Posted: Tuesday, August 23, 2022
The first-in-class, central nervous system–active TRK inhibitor larotrectinib seemed to be safe and active in patients with TRK fusion–positive salivary gland tumors of various histologies, according to Xiuning Le, MD, PhD, of The University of Texas MD Anderson Cancer Center, Houston, and colleagues. These results, which were published in the journal The Oncologist, support NTRK gene fusion testing in those with advanced disease.
“For patients with advanced salivary gland cancer, systemic treatment options are largely limited to doublet chemotherapy regimens, with poor outcomes,” the investigators remarked. “Larotrectinib represents a new precision oncology approach for patients with salivary gland tumors carrying NTRK gene fusions.”
A total of 24 patients with ETV6-NTRK3 gene fusion–positive salivary gland cancer who were treated with larotrectinib were identified from two clinical trials.
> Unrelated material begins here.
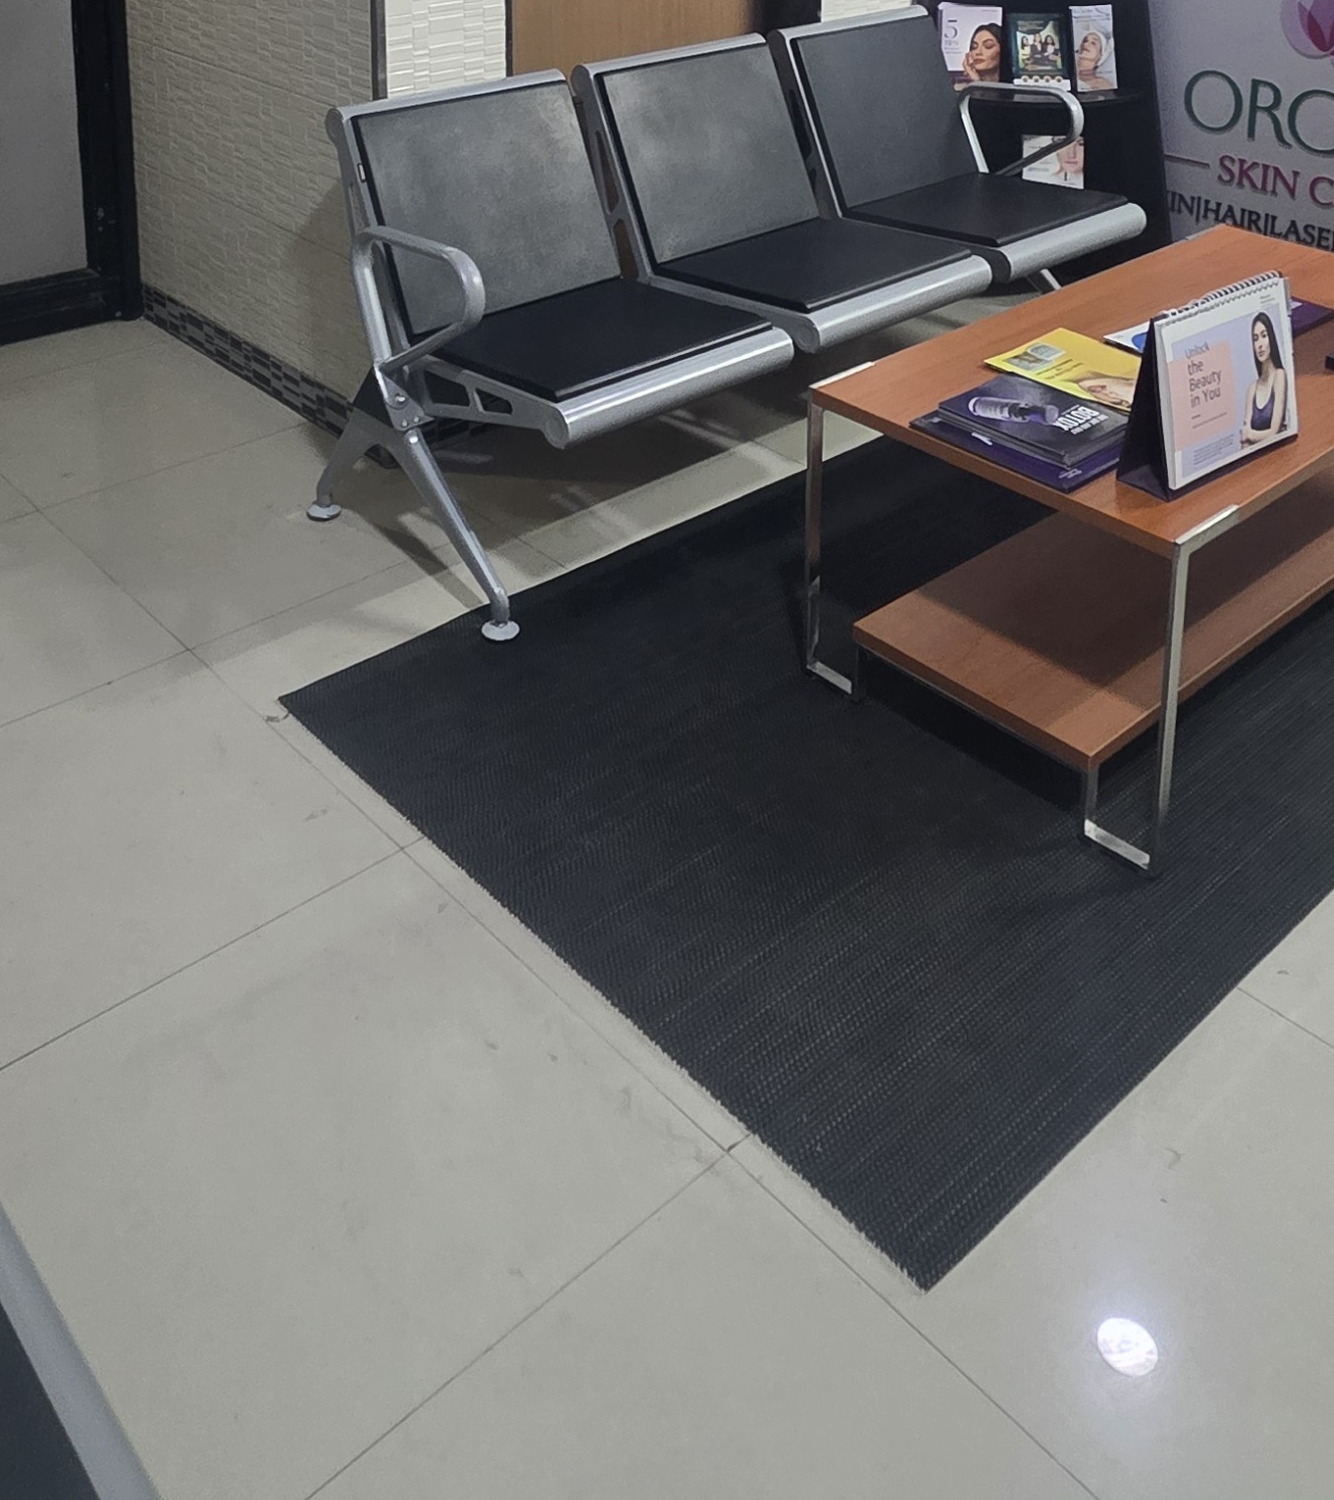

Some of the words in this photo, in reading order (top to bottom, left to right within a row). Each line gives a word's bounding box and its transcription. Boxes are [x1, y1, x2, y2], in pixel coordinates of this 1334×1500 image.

The most common histologies were secretory carcinoma (54%), adenocarcinoma (25%), and mucoepidermoid carcinoma (13%).
The objective response rate was 92%. The best overall response was a complete response in 13% of patients, a partial response in 79%, and progressive disease in 8%. At a median follow-up of 30.9 months, the 24-month progression-free survival rate was 78%. Most treatment-related adverse events were of grade 1 or 2, and no patients discontinued treatment due to toxicities.
Disclosure: For full disclosures of the study authors, visit academic.oup.com.